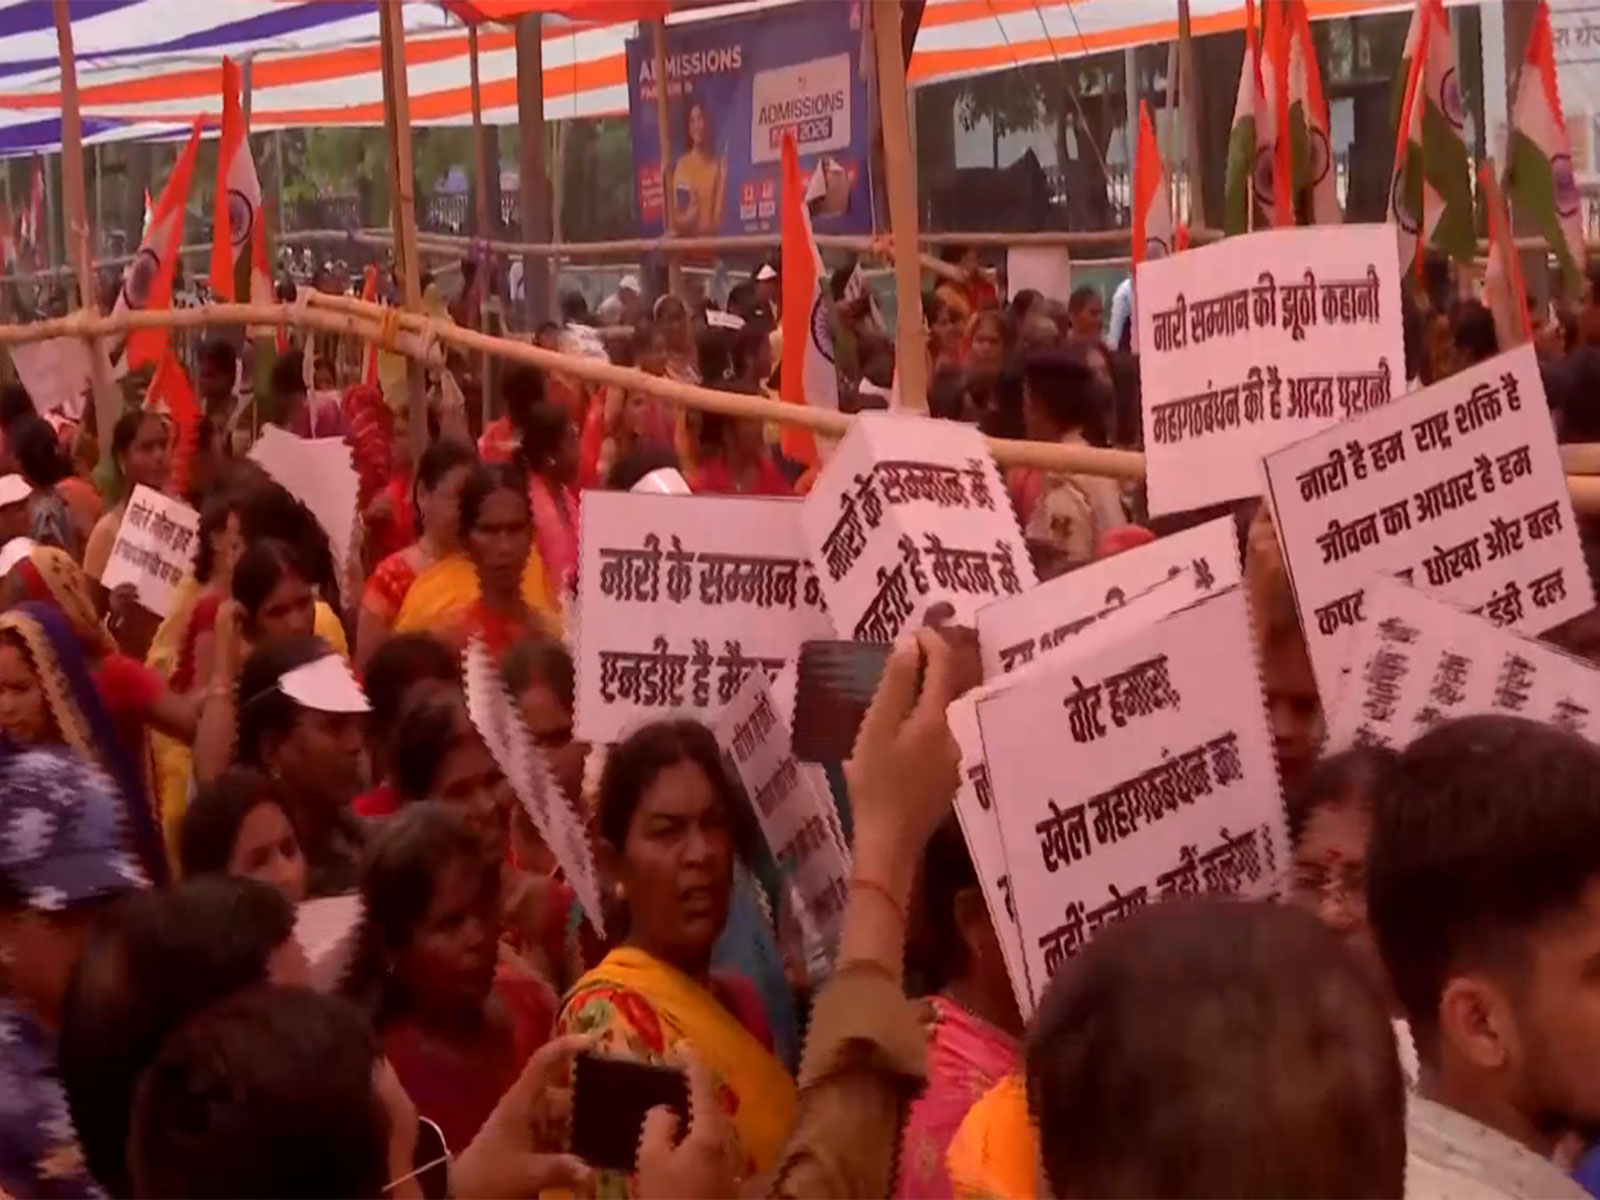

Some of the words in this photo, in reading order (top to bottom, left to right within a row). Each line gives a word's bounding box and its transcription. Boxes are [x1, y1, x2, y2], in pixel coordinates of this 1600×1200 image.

[758, 90, 844, 125] ADMISSIONS
[800, 118, 830, 140] 2026
[1152, 292, 1187, 352] नारी
[1190, 288, 1250, 343] सम्मान
[1252, 272, 1277, 328] की
[1280, 267, 1317, 342] झूठी
[1320, 264, 1381, 325] कहानी
[1151, 380, 1241, 444] महागठबंधन
[1241, 366, 1264, 423] की
[1266, 365, 1283, 421] है
[1287, 377, 1334, 418] आदत
[1296, 450, 1348, 502] नारी
[1347, 441, 1368, 480] है
[1368, 430, 1406, 471] हम
[1411, 410, 1453, 452] राष्ट्र
[1455, 383, 1502, 435] शक्ति
[1501, 373, 1522, 411] है
[820, 489, 868, 582] नारी
[853, 474, 884, 529] के
[873, 461, 971, 510] सम्मान
[961, 458, 996, 512] में
[1316, 513, 1380, 564] जीवन
[1380, 499, 1411, 536] का
[1413, 470, 1477, 523] आधार
[1474, 455, 1496, 493] है
[1496, 445, 1533, 485] हम
[599, 533, 663, 602] नारी
[665, 534, 696, 603] के
[698, 552, 802, 611] सम्मान
[898, 532, 931, 595] है
[922, 532, 999, 596] मैदान
[991, 539, 1024, 595] में
[1315, 589, 1368, 636] कपट
[1423, 538, 1482, 586] धोखा
[1484, 517, 1524, 561] और
[1524, 501, 1564, 540] बल
[1528, 568, 1568, 608] दल
[599, 634, 690, 708] एनडीए
[691, 638, 715, 708] है
[1063, 675, 1106, 743] वोट
[1035, 798, 1091, 873] खेल
[1088, 744, 1213, 844] महागठबंधन
[1205, 730, 1244, 787] का
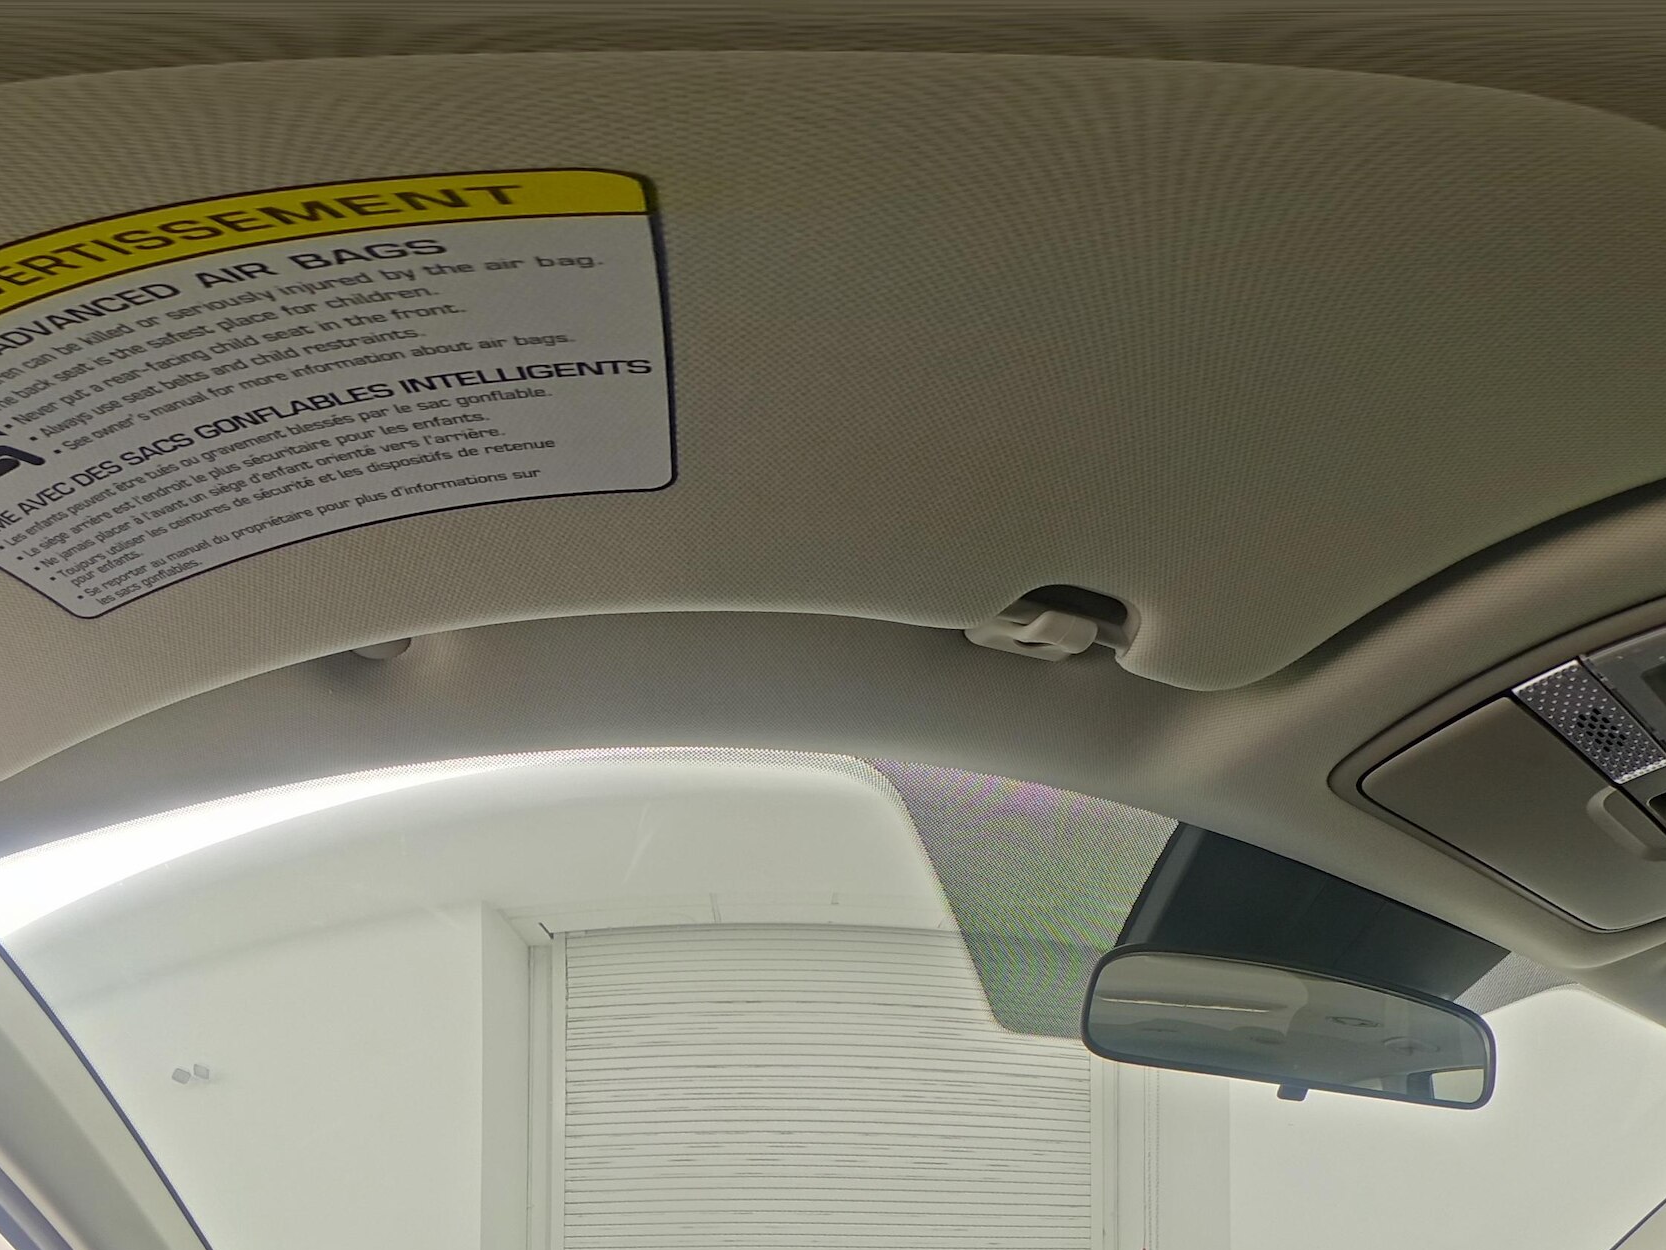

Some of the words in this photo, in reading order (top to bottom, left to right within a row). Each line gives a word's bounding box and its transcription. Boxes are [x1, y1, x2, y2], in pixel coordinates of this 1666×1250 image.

****************

● TASK INSTRUCTIONS
Please print all the data above word for word. Pictures should not appear in the copy.

● PROBLEM SOLUTION
Some of the words in this photo, in reading order (top to bottom, left to right within a row). Each line gives a word's bounding box and its transcription. Boxes are [x1, y1, x2, y2], in pixel coordinates of this 1600×1200 image.

[758, 90, 844, 125] ADMISSIONS
[800, 118, 830, 140] 2026
[1152, 292, 1187, 352] नारी
[1190, 288, 1250, 343] सम्मान
[1252, 272, 1277, 328] की
[1280, 267, 1317, 342] झूठी
[1320, 264, 1381, 325] कहानी
[1151, 380, 1241, 444] महागठबंधन
[1241, 366, 1264, 423] की
[1266, 365, 1283, 421] है
[1287, 377, 1334, 418] आदत
[1296, 450, 1348, 502] नारी
[1347, 441, 1368, 480] है
[1368, 430, 1406, 471] हम
[1411, 410, 1453, 452] राष्ट्र
[1455, 383, 1502, 435] शक्ति
[1501, 373, 1522, 411] है
[820, 489, 868, 582] नारी
[853, 474, 884, 529] के
[873, 461, 971, 510] सम्मान
[961, 458, 996, 512] में
[1316, 513, 1380, 564] जीवन
[1380, 499, 1411, 536] का
[1413, 470, 1477, 523] आधार
[1474, 455, 1496, 493] है
[1496, 445, 1533, 485] हम
[599, 533, 663, 602] नारी
[665, 534, 696, 603] के
[698, 552, 802, 611] सम्मान
[898, 532, 931, 595] है
[922, 532, 999, 596] मैदान
[991, 539, 1024, 595] में
[1315, 589, 1368, 636] कपट
[1423, 538, 1482, 586] धोखा
[1484, 517, 1524, 561] और
[1524, 501, 1564, 540] बल
[1528, 568, 1568, 608] दल
[599, 634, 690, 708] एनडीए
[691, 638, 715, 708] है
[1063, 675, 1106, 743] वोट
[1035, 798, 1091, 873] खेल
[1088, 744, 1213, 844] महागठबंधन
[1205, 730, 1244, 787] का

Some of the words in this photo, in reading order (top to bottom, left to right within a row). Each line gives a word's bounding box and its transcription. Boxes are [x1, y1, x2, y2], in pixel coordinates of this 1666×1250 image.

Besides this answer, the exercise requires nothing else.